Saved entries:
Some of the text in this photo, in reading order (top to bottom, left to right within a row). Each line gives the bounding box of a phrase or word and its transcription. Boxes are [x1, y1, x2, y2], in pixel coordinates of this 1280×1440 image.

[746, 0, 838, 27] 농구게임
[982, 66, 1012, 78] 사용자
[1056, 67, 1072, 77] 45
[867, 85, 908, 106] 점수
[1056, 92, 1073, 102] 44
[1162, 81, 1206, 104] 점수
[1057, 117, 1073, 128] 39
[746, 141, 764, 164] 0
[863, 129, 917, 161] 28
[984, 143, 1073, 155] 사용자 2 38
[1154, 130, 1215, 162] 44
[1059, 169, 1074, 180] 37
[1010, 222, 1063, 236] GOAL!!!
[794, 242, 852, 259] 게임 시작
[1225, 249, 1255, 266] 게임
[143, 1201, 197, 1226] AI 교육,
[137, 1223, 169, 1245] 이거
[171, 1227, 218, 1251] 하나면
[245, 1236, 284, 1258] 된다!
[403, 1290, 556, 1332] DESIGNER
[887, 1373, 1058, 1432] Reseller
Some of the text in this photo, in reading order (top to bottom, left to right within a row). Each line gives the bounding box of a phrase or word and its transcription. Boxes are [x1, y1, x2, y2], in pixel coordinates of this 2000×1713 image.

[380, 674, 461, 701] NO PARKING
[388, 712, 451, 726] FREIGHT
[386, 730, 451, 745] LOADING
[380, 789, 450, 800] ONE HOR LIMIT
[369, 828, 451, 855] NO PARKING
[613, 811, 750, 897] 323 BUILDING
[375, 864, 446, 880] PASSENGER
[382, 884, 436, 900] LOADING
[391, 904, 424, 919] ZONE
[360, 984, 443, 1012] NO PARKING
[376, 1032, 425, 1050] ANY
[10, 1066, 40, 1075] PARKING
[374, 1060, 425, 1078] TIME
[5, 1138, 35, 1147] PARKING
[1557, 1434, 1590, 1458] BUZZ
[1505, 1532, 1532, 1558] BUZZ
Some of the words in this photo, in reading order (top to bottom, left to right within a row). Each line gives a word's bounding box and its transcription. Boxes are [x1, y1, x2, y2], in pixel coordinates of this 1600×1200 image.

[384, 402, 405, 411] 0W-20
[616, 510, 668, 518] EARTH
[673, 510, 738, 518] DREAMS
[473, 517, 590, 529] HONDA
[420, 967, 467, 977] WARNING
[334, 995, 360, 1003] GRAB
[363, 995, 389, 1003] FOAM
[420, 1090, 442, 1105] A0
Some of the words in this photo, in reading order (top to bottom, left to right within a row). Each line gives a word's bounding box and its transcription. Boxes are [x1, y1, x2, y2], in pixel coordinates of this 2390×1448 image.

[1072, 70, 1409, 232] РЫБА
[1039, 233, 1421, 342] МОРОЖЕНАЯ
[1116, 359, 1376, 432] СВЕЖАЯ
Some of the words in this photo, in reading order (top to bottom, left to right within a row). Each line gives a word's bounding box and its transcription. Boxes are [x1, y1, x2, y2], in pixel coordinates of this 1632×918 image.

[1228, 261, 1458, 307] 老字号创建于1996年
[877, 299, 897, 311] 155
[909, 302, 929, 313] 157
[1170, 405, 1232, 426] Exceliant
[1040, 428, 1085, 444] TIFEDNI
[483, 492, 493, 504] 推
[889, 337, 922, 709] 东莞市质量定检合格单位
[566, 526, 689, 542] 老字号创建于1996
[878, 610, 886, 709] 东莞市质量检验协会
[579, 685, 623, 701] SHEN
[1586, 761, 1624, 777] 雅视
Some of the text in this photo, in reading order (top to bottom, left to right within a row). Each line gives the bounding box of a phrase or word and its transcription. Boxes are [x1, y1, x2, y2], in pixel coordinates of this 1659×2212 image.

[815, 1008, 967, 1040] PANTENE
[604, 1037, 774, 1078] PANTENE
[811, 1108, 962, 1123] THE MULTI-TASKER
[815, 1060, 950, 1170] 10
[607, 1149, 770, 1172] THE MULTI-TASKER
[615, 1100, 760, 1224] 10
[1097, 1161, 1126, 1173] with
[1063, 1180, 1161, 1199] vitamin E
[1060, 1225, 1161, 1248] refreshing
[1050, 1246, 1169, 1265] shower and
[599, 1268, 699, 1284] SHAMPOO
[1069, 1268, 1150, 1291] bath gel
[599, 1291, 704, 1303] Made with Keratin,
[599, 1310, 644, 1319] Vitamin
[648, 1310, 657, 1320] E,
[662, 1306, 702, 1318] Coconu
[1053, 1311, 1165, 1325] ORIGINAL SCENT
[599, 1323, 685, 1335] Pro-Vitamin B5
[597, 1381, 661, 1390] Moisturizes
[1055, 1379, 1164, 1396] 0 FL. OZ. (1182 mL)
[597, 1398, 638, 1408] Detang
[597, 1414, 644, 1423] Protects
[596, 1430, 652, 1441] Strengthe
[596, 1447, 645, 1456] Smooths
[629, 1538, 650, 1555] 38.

*WORK INSTRUCTION:* Reproduce verbatim only the lines from the one holding "this 1659×2212 image." through the end of the records.

*RESPONSE FOR THIS EXERCISE:*
Some of the text in this photo, in reading order (top to bottom, left to right within a row). Each line gives the bounding box of a phrase or word and its transcription. Boxes are [x1, y1, x2, y2], in pixel coordinates of this 1659×2212 image.

[815, 1008, 967, 1040] PANTENE
[604, 1037, 774, 1078] PANTENE
[811, 1108, 962, 1123] THE MULTI-TASKER
[815, 1060, 950, 1170] 10
[607, 1149, 770, 1172] THE MULTI-TASKER
[615, 1100, 760, 1224] 10
[1097, 1161, 1126, 1173] with
[1063, 1180, 1161, 1199] vitamin E
[1060, 1225, 1161, 1248] refreshing
[1050, 1246, 1169, 1265] shower and
[599, 1268, 699, 1284] SHAMPOO
[1069, 1268, 1150, 1291] bath gel
[599, 1291, 704, 1303] Made with Keratin,
[599, 1310, 644, 1319] Vitamin
[648, 1310, 657, 1320] E,
[662, 1306, 702, 1318] Coconu
[1053, 1311, 1165, 1325] ORIGINAL SCENT
[599, 1323, 685, 1335] Pro-Vitamin B5
[597, 1381, 661, 1390] Moisturizes
[1055, 1379, 1164, 1396] 0 FL. OZ. (1182 mL)
[597, 1398, 638, 1408] Detang
[597, 1414, 644, 1423] Protects
[596, 1430, 652, 1441] Strengthe
[596, 1447, 645, 1456] Smooths
[629, 1538, 650, 1555] 38.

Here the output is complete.